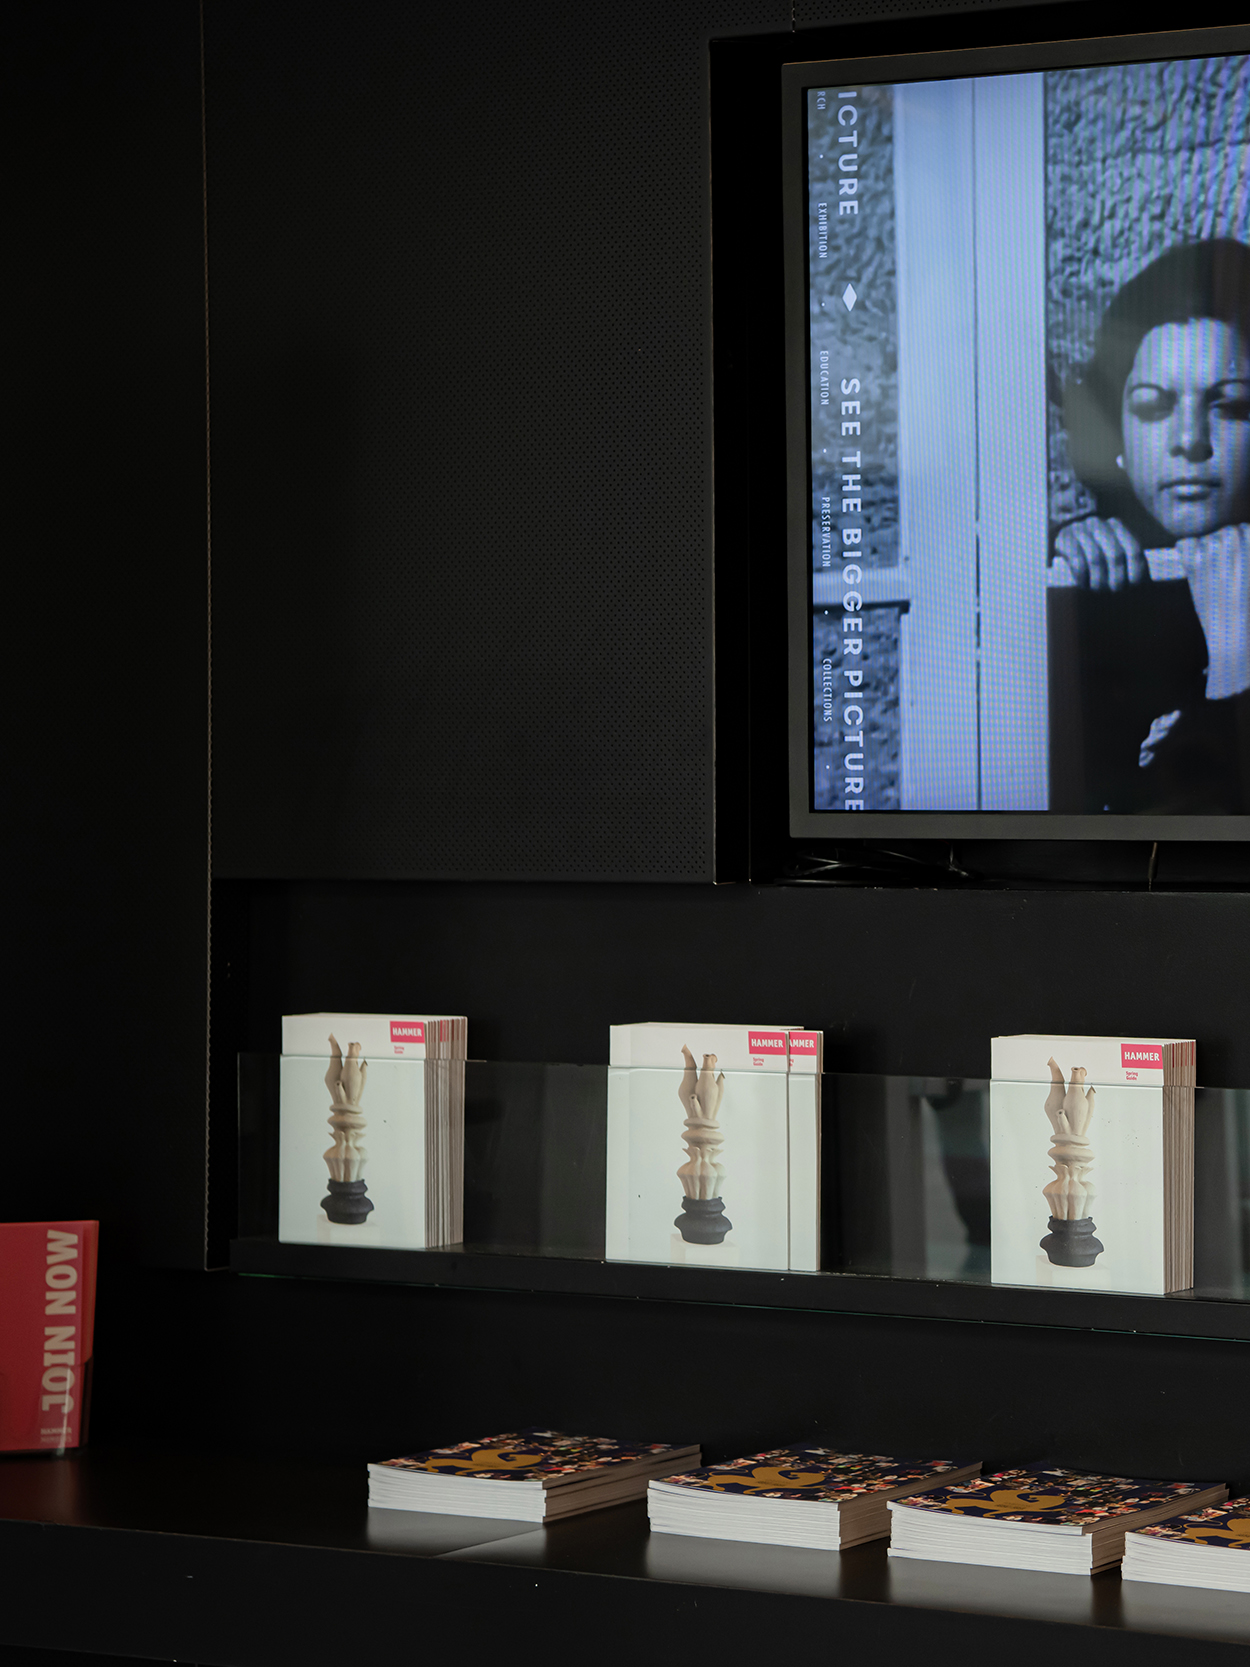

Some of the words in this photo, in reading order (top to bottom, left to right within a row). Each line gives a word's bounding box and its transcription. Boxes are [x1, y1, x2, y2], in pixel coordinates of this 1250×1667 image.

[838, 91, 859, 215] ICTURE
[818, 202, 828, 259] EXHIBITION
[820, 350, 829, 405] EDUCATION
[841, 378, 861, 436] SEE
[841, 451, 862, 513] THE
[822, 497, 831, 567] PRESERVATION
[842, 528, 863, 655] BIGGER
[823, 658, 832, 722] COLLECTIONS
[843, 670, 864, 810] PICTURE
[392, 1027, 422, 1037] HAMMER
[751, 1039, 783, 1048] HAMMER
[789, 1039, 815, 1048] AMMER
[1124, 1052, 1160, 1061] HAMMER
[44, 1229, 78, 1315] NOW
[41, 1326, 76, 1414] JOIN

Work order>
Pictures are not part of the copy. Please reproduce the material word for word.

Output of the exercise>
Some of the words in this photo, in reading order (top to bottom, left to right within a row). Each line gives a word's bounding box and its transcription. Boxes are [x1, y1, x2, y2], in pixel coordinates of this 1250×1667 image.

[838, 91, 859, 215] ICTURE
[818, 202, 828, 259] EXHIBITION
[820, 350, 829, 405] EDUCATION
[841, 378, 861, 436] SEE
[841, 451, 862, 513] THE
[822, 497, 831, 567] PRESERVATION
[842, 528, 863, 655] BIGGER
[823, 658, 832, 722] COLLECTIONS
[843, 670, 864, 810] PICTURE
[392, 1027, 422, 1037] HAMMER
[751, 1039, 783, 1048] HAMMER
[789, 1039, 815, 1048] AMMER
[1124, 1052, 1160, 1061] HAMMER
[44, 1229, 78, 1315] NOW
[41, 1326, 76, 1414] JOIN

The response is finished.